For the uninitiated BRICS, which is an acronym referring to the countries of Brazil, Russia, India, China and South Africa, is deemed to be a strategic partnership of like-minded nations en route to similar path of growth and economic development

Way too often the South Africa’s media gets bombarded by communiques from the government detailing its role and participation in BRICS forums.

Since 2010 South Africa has been a member of this potentially powerful select group of continental giants that plan to collectively solidify their influence in international organisations, institutions and markets alike.

Yet, truth be told, South Africa has evidently not derived much in its arsenal to prove its benefits of the exclusive BRICS membership a decade later.

I recently lamented South Africa’s apparent failure to procure COVID-19 vaccines from both China and Russia. South Africa’s neighbour to the north, Zimbabwe, has already received China’s Sinovac vaccine.

Countries in North and East Africa are utilising their relations with Russia and China and accessing their vaccines. China’s vaccines are being administered to tens of millions in China alone, and surely if they weren’t safe Beijing would never have authorized the jabs?

As for Russia’s Sputnik V, no less than 55 countries around the world have endorsed its use. President Vladimir Putin recently took it in public. Sadly, South Africa, a BRICS ally, is not among the 55. This is quite mind-boggling.

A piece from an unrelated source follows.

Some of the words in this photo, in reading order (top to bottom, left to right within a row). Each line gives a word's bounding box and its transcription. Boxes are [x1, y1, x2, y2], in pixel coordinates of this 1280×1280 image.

Elsewhere in the European Union, Germany is putting pressure on Brussels to purchase Sputnik V ahead of the much-anticipated regulatory approval.

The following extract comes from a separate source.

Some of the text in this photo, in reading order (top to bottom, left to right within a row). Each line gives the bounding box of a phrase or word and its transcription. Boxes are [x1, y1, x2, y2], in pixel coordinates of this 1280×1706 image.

Bavarian Prime Minister, Markus Soeder, has been one of the loudest eminent German public office bearers to call for a speedy approval of Sputnik V in his country. “We need to think more freely,” he was recently quoted as saying, indicating the presence of politics-at-play amid a bid to acquire the Russian vaccine.

Meanwhile, in Hungary, the country’s foreign minister recently became the first EU politician to take Sputnik V, live on camera.

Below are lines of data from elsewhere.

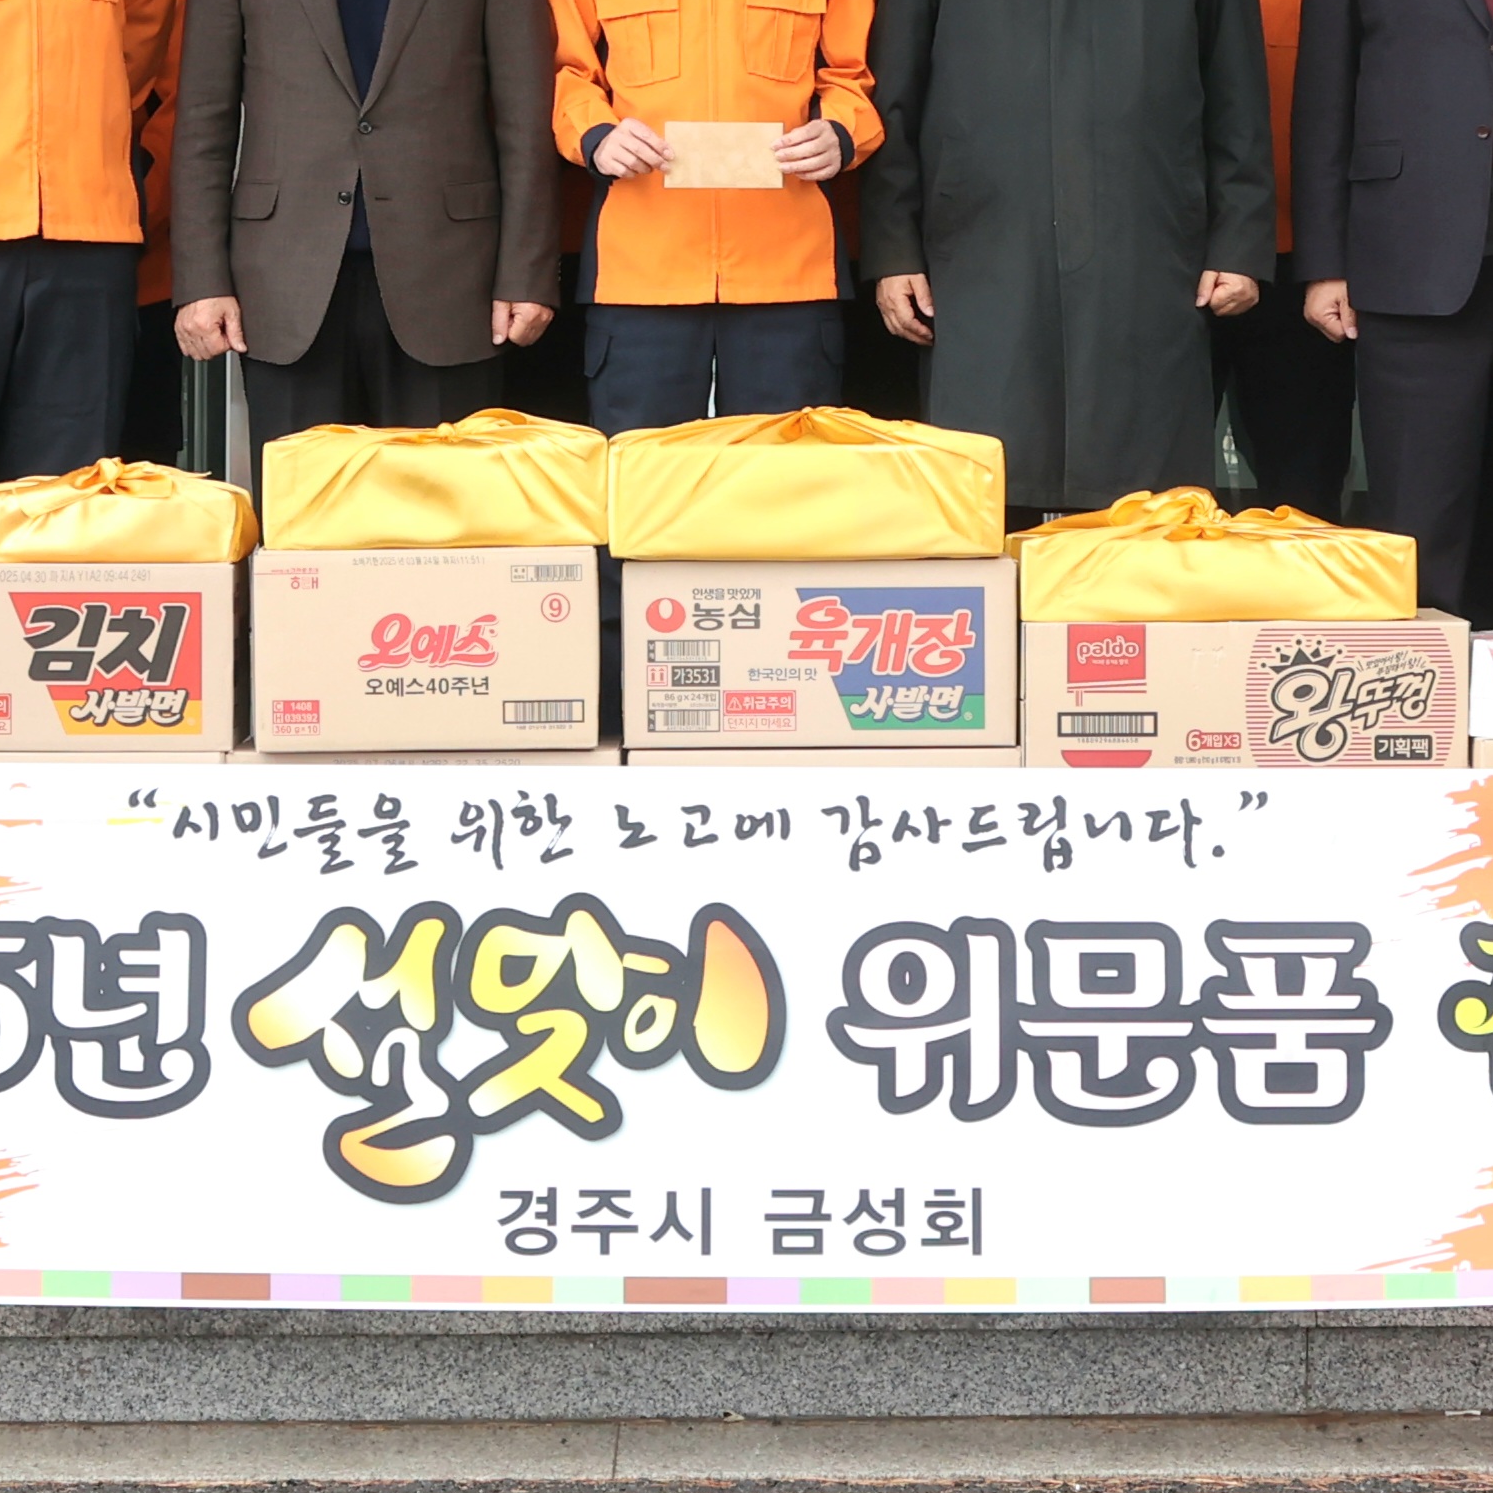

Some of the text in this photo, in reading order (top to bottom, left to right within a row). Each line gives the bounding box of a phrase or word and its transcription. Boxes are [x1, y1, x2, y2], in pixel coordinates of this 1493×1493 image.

[692, 588, 762, 600] 인생을 맛있게
[692, 603, 761, 631] 농심
[24, 603, 187, 687] 김치
[357, 612, 500, 672] 오예스
[788, 596, 976, 677] 육개장
[1076, 635, 1140, 665] paldo
[364, 675, 490, 697] 오예스40주년
[673, 667, 718, 684] 가3531
[747, 667, 818, 681] 한국인의 맛
[69, 689, 187, 728] 사발면
[743, 695, 792, 710] 취급주의
[849, 685, 964, 723] 사발면
[1268, 667, 1437, 763] 왕뚜껑
[727, 717, 793, 729] 던지지 마세요
[1378, 738, 1429, 758] 기획팩
[450, 789, 573, 870] 위한
[618, 801, 791, 850] 노고에
[231, 893, 788, 1205] 설맞이
[826, 916, 1394, 1128] 위문품
[496, 1186, 984, 1255] 경주시 금성회

Italy is set to become the first EU country to produce the Russian vaccine on home soil. The clamour for the Russian vaccine is ubiquitous, yet South Africa – in spite of the scarcity of the vaccines, and the global scramble for access, does not seem to be at Moscow’s or Beijing’s front queue. So much for BRICS allies!

COVID-19 pandemic is a major threat to the entire human race. It is unwise, therefore, to play the usual Geo-politics with the beleaguered lives of innocent men, women and children.

This is a sad reality about our international world order today. Even as the world is faced with a common threat, sectarian politics nonetheless reign supreme. This regrettable reality was recently revealed in the annual report of the US Department of Health and Human Services.

The US government appear to have taken advantage of its cordial bilateral relations with Brazil to convince Brasilia to reject Sputnik V. Consider that this under-handedness happens in the wake of Brazil’s recorded over 280 000 COVID-19-related deaths.

Yet vaccinating the Brazilians with Sputnik V was seemingly viewed by Washington as a potentially unacceptable victory to Moscow.

The world had waited to bear witness to President Joe Biden ushering in his electioneering time promises of a new era of diplomatic fair-play, but it seems the more things change, the more they stay the same.

This is the kind of uncouth yet frantic diplomacy that is going on between the powerful countries and their weaker counterparts. The worst-case scenario and Heaven forbid, could be a threat of unilateral economic sanctions against countries that purchase either the Russian or Chinese vaccines.

This is a real imbalance that the UN needs to address and redress as a matter of utmost urgency. Unilateralism must never triumph over multilateralism, otherwise what is the use of having international organisations in the 21st century?

The world does not need any weaponisation of COVID-19 vaccines; instead, it needs a compassionate protection of lives by those their electorates have trusted to put in office.